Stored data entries
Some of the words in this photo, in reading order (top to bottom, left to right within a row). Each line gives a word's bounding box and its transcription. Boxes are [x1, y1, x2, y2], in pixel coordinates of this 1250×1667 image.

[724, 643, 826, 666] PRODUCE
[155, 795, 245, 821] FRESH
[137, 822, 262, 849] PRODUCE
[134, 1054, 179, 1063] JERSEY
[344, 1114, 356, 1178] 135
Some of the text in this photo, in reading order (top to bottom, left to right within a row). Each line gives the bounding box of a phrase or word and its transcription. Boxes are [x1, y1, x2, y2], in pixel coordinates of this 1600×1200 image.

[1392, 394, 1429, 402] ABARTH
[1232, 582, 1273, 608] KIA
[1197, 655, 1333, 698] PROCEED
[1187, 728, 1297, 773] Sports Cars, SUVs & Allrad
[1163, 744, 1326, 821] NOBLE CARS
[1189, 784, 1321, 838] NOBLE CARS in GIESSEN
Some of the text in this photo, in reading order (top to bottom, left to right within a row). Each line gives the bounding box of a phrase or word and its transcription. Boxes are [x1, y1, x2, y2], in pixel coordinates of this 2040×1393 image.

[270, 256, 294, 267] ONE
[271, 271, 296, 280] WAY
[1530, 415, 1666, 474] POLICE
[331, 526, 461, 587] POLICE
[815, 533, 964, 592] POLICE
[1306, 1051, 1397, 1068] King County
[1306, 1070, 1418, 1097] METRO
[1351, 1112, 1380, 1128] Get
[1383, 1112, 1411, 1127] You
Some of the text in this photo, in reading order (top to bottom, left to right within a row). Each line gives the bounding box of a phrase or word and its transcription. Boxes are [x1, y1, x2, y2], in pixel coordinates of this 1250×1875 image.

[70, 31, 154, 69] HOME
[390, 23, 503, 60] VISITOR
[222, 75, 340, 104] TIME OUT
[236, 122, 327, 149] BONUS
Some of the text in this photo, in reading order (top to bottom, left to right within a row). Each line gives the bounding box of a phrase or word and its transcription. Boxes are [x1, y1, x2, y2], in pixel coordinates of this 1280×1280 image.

▸ Work order:
Reproduce every line of the data so that nothing differs from the original.

▸ Exercise solution:
Some of the words in this photo, in reading order (top to bottom, left to right within a row). Each line gives a word's bounding box and its transcription. Boxes are [x1, y1, x2, y2], in pixel coordinates of this 1250×1667 image.

[724, 643, 826, 666] PRODUCE
[155, 795, 245, 821] FRESH
[137, 822, 262, 849] PRODUCE
[134, 1054, 179, 1063] JERSEY
[344, 1114, 356, 1178] 135
Some of the text in this photo, in reading order (top to bottom, left to right within a row). Each line gives the bounding box of a phrase or word and its transcription. Boxes are [x1, y1, x2, y2], in pixel coordinates of this 1600×1200 image.

[1392, 394, 1429, 402] ABARTH
[1232, 582, 1273, 608] KIA
[1197, 655, 1333, 698] PROCEED
[1187, 728, 1297, 773] Sports Cars, SUVs & Allrad
[1163, 744, 1326, 821] NOBLE CARS
[1189, 784, 1321, 838] NOBLE CARS in GIESSEN
Some of the text in this photo, in reading order (top to bottom, left to right within a row). Each line gives the bounding box of a phrase or word and its transcription. Boxes are [x1, y1, x2, y2], in pixel coordinates of this 2040×1393 image.

[270, 256, 294, 267] ONE
[271, 271, 296, 280] WAY
[1530, 415, 1666, 474] POLICE
[331, 526, 461, 587] POLICE
[815, 533, 964, 592] POLICE
[1306, 1051, 1397, 1068] King County
[1306, 1070, 1418, 1097] METRO
[1351, 1112, 1380, 1128] Get
[1383, 1112, 1411, 1127] You
Some of the text in this photo, in reading order (top to bottom, left to right within a row). Each line gives the bounding box of a phrase or word and its transcription. Boxes are [x1, y1, x2, y2], in pixel coordinates of this 1250×1875 image.

[70, 31, 154, 69] HOME
[390, 23, 503, 60] VISITOR
[222, 75, 340, 104] TIME OUT
[236, 122, 327, 149] BONUS
Some of the text in this photo, in reading order (top to bottom, left to right within a row). Each line gives the bounding box of a phrase or word and its transcription. Boxes are [x1, y1, x2, y2], in pixel coordinates of this 1280×1280 image.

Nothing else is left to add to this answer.